The downside is that public agency reimbursement can take anywhere from 30 to 60 days, creating cash flow nightmares. With millions in payroll, Urban Alchemy faces this problem every month.
When I catch McKellogg on the phone, she is diligencing a 12-month, $500,000 line of credit to Urban Alchemy at 6-8% interest. The impact lending practice can do this because it is recycling 10-year program related investments from charitable foundations that typically expect a 3% return. “Good, solid, patient money,” McKellogg calls it.
As a nonprofit, REDF uses the margins to offset the cost of providing technical assistance to its borrowers, helping the Urban Alchemy’s of the world become financially stable and adept, putting them on a path to scale.
Eyes Wide Open
I often work out of an office at the intersection of Vine and Selma streets in Hollywood. It is, like so many of this city’s corners, a raw place when you decide to look.
On the southwest corner stands a narrow tent with a blue tarp draped over it.

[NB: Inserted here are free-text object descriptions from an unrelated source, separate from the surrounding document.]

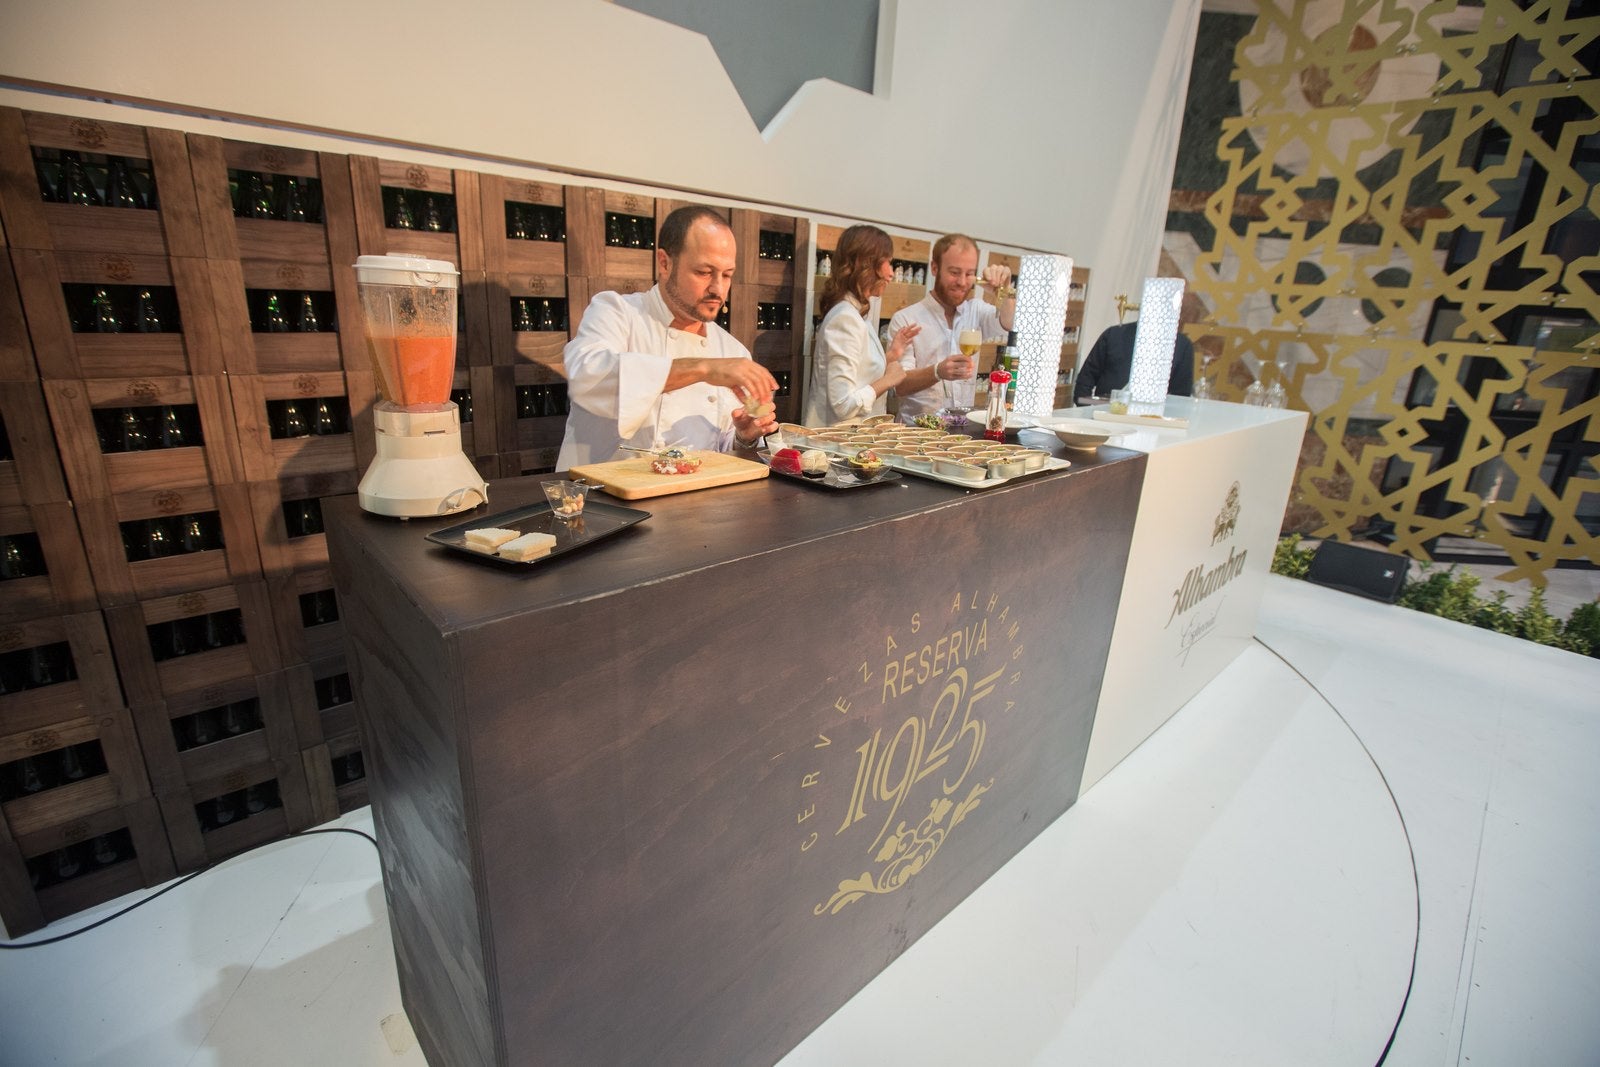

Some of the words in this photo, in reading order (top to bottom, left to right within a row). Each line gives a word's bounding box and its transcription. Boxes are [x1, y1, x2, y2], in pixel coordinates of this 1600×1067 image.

[1164, 546, 1248, 630] Alhambra
[797, 612, 921, 852] CERVEZAS
[951, 590, 1024, 712] ALHAMBRA
[882, 618, 988, 704] RESERVA
[835, 662, 1007, 853] 1925
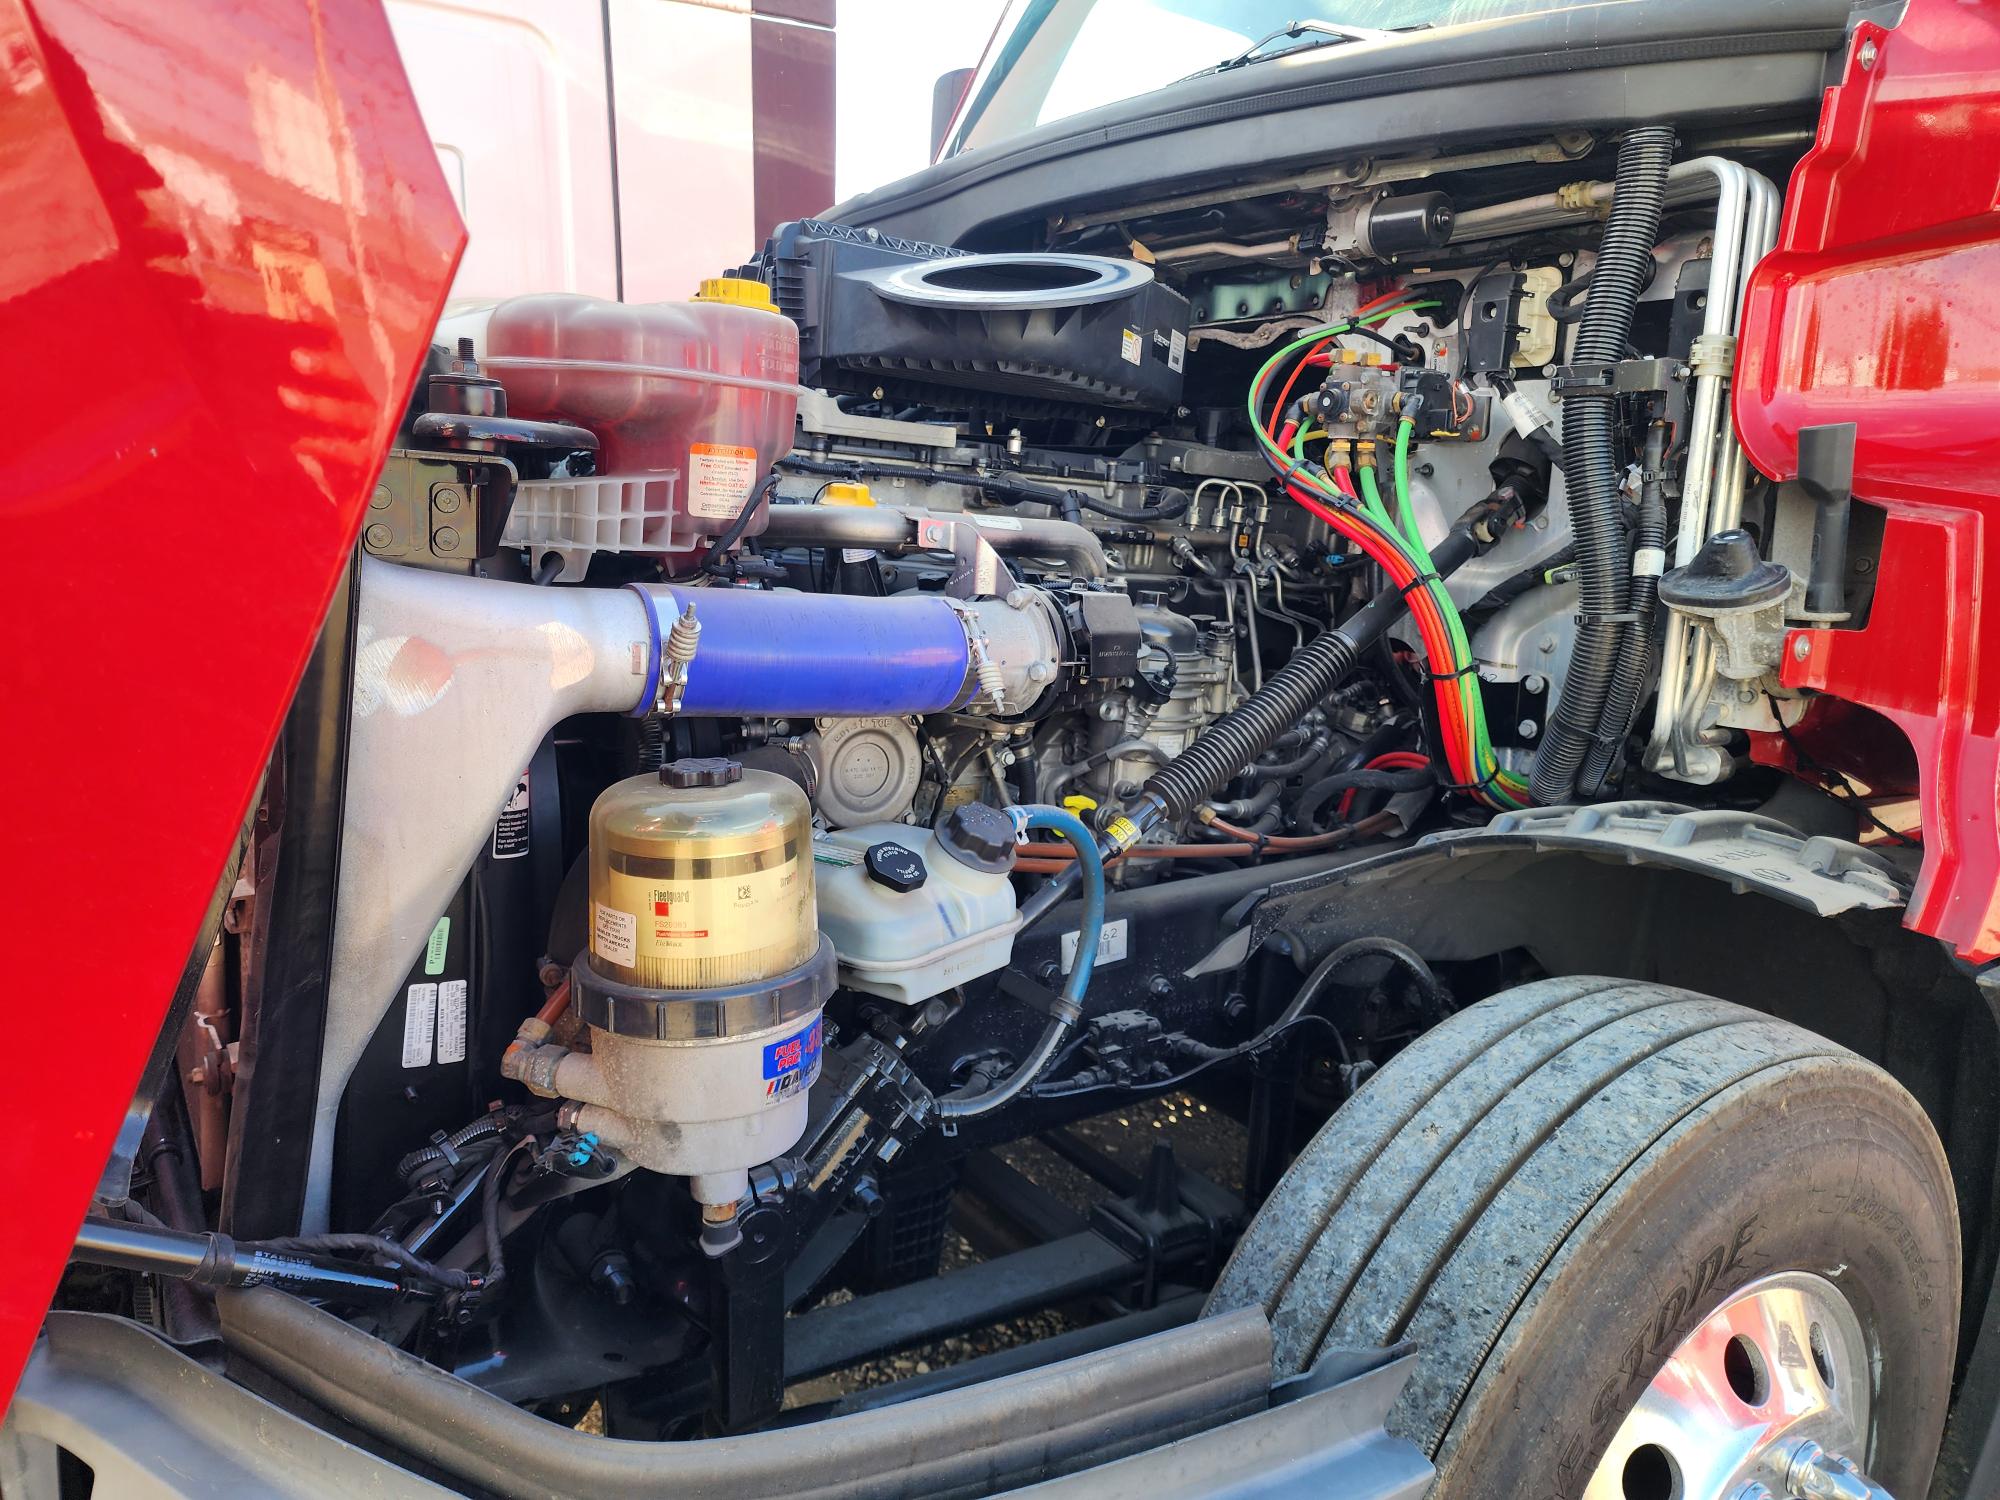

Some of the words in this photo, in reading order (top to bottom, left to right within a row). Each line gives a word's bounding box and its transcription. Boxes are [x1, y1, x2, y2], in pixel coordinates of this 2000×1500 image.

[654, 890, 690, 904] Fleetguard
[606, 912, 618, 920] PARTS
[611, 934, 631, 943] TRUCKS
[609, 940, 629, 949] AMERICA
[775, 1040, 802, 1060] FUEL
[778, 1052, 801, 1072] PRO

Inside lives a young woman. A few yards from where she has made her home, I saw a young, wild-eyed man land two punches to the face of another man before a security guard moved him along.
On the southeast corner, a new luxury-style apartment development looms, with an Equinox gym in its belly.
A Trader Joe’s dominates the northeast corner. An apparently unhoused man is camped near the door, always sitting on a beach chair, a large plastic cup of dollars and change in his hands. A few yards south, another man sits behind a table proffering psychedelic mushrooms, marijuana, and other paraphernalia.
And those are just the everyday citizens. The intersection is frequented by the unhoused, many of them clearly suffering.
It is late in the afternoon. The sun dances off the glass towers, gleaming, giving the confluence of Vine and Selma a goldish glow.
I look up and see a small battalion of men and women in all black, wearing those telltale Urban Alchemy vests. I stop one young man with dreads past his shoulders and ask him how he likes working for the organization.
With a smile, he says he just started, but yeah, he likes it a lot. I’m sure he’s got a good story.
His co-workers are now halfway across Vine, moving in the direction of Trader Joe’s. He jogs over to join them.
In this place, in this crisis, I feel hope.